Potential interplay between mTOR blockade using AZD8055 and ER signalling was further investigated by following website PCR examination of the ER regulated gene pS2 as well as several ER regulated genes more closely related to also inhibited growth by 60% in an ER nega tive acquired fulvestrant resistant cell line derived Inhibitors,Modulators,Libraries from MCF7 cells. This observation was also supported by AZD8055 growth studies in a T47D derived ER acquired fulvestrant resistant line with an IC50 of 18 nM. AZD8055 and fulvestrant in combination enhance growth inhibition in TamR and MCF7 X Inhibitors,Modulators,Libraries cells When ER positive breast tumours acquire resistance to an anti hormone, an alternative anti endocrine therapy can often be used successfully second line, although resistance invariably emerges.

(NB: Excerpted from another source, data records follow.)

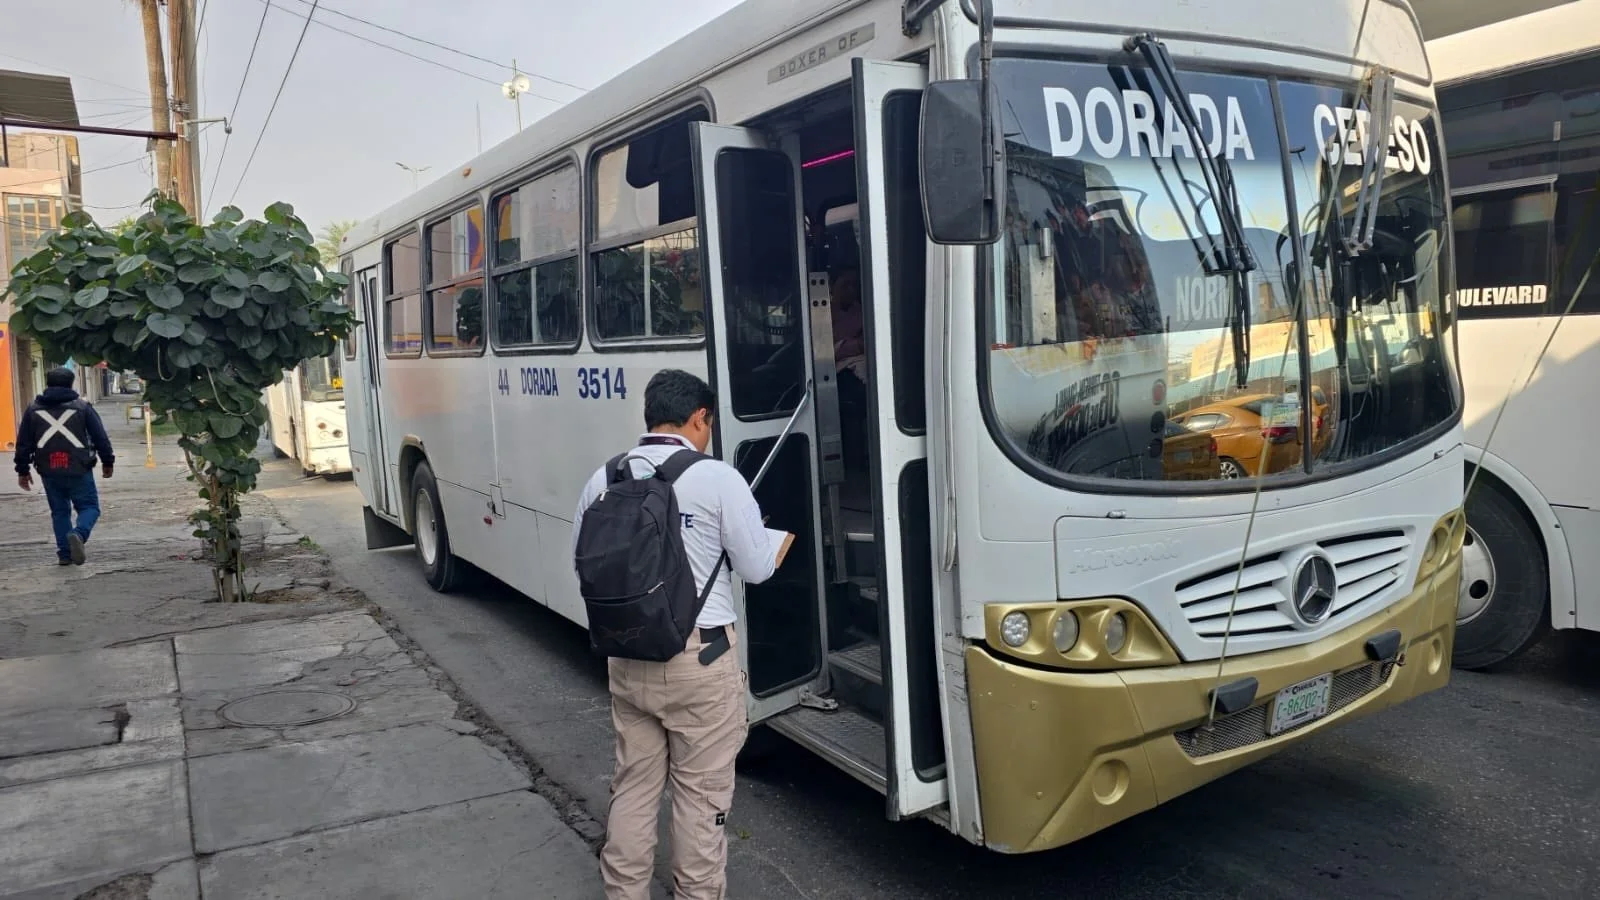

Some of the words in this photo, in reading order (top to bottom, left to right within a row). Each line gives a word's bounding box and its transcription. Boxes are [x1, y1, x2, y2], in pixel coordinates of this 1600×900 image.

[779, 47, 827, 77] BOXER
[838, 31, 858, 50] OF
[1043, 86, 1256, 161] DORADA
[1445, 284, 1547, 314] ULEVARD
[498, 368, 510, 396] 44
[520, 367, 559, 397] DORADA
[577, 366, 627, 400] 3514

In keeping with this, we have previously shown that the pure anti oestrogen Inhibitors,Modulators,Libraries fulvestrant is growth inhibitory in TamR or MCF7 X cells in vitro, but growth inhibition is only partial, with the cells subsequently acquiring resistance to ful vestrant. We have investigated whether co treating with a further anti hormonal measure alongside an mTOR kinase inhibitor could offer an improved second line treatment for endocrine resistant cells ver sus either strategy alone. This was also important to evaluate since AZD8055 appears to be inhibitory inde pendently of any substantial impact on ER regulated events in our acquired endocrine resistant models. Inhibitors,Modulators,Libraries When TamR cells were treated for seven days with 25 nM AZD8055 in combination with fulvestrant there was a further 60% decrease in growth above that caused by fulvestrant and a 50% enhancement of growth inhibition compared to AZD8055 alone.

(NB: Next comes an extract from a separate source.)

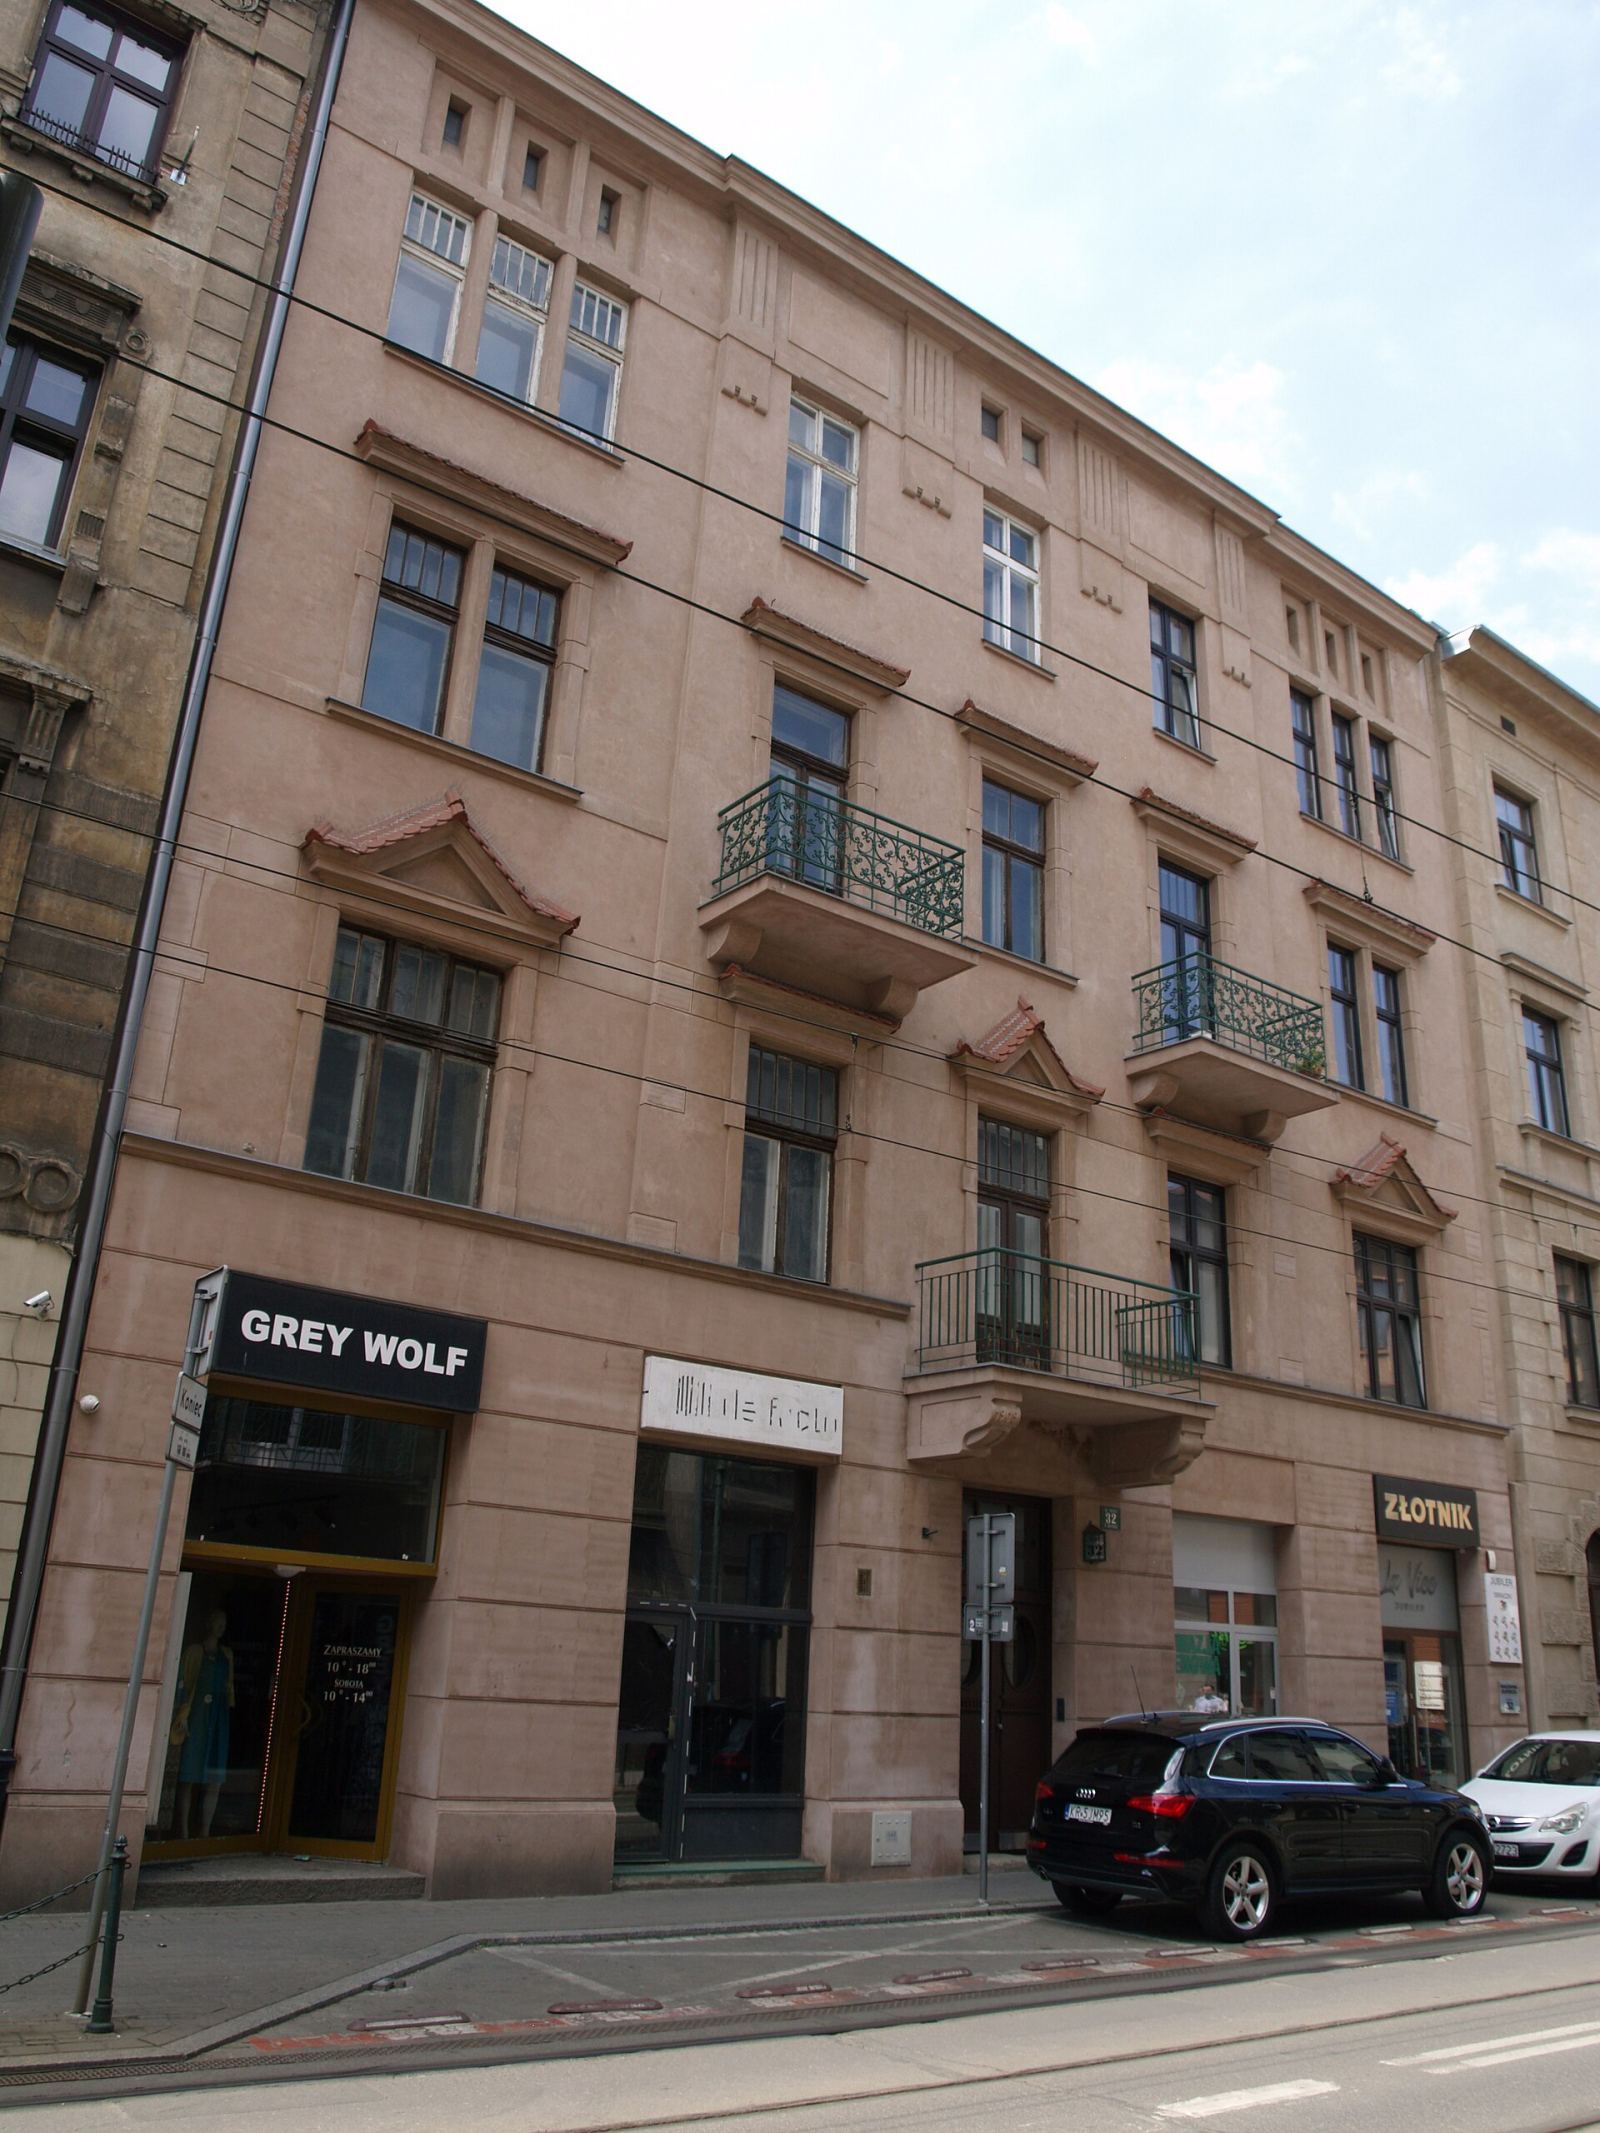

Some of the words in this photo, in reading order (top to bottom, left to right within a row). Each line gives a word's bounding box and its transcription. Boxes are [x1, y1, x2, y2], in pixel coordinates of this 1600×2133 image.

A similar improved anti tumour effect was also observed in MCF 7X cells co treated with AZD8055 and fulvestrant in which 25 nM Inhibitors,Modulators,Libraries AZD8055 caused a further 60% decrease in growth above fulvestrant or AZD8055 alone. These results suggest that an mTOR kinase inhibitor plus anti oestrogen fulvestrant combination could have potential as a superior second line treatment for endocrine resistant breast cancers that do not respond well to the rapalogue everolimus. Finally, while seven day treatment with AZD8055 was also a good inhibitor of growth in anti oestrogen sensitive MCF 7 parental cells with an IC50 of 12 nM, a superior growth inhibition could again be obtained by co treatment with AZD8055 and either 4 OH tamoxifen or severe oestrogen deprivation.

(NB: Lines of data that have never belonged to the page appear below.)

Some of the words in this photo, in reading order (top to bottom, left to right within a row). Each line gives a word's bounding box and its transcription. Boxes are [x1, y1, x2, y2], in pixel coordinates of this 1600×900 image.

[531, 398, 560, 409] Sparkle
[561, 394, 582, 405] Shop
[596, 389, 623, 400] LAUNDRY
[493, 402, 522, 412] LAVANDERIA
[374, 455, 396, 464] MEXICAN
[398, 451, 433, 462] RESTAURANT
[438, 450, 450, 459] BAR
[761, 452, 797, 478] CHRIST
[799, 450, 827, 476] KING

The anti tumour effect was increased by 66% and 56%, respectively, by combination with 10 nM AZD8055 versus the our site anti hormone treatment alone. These findings suggest that in combination with anti hormone therapy, mTOR kinase blockade could also provide a first line treatment strategy to inhibit endo crine responsive disease more effectively and thereby hinder acquisition of resistance in breast cancer.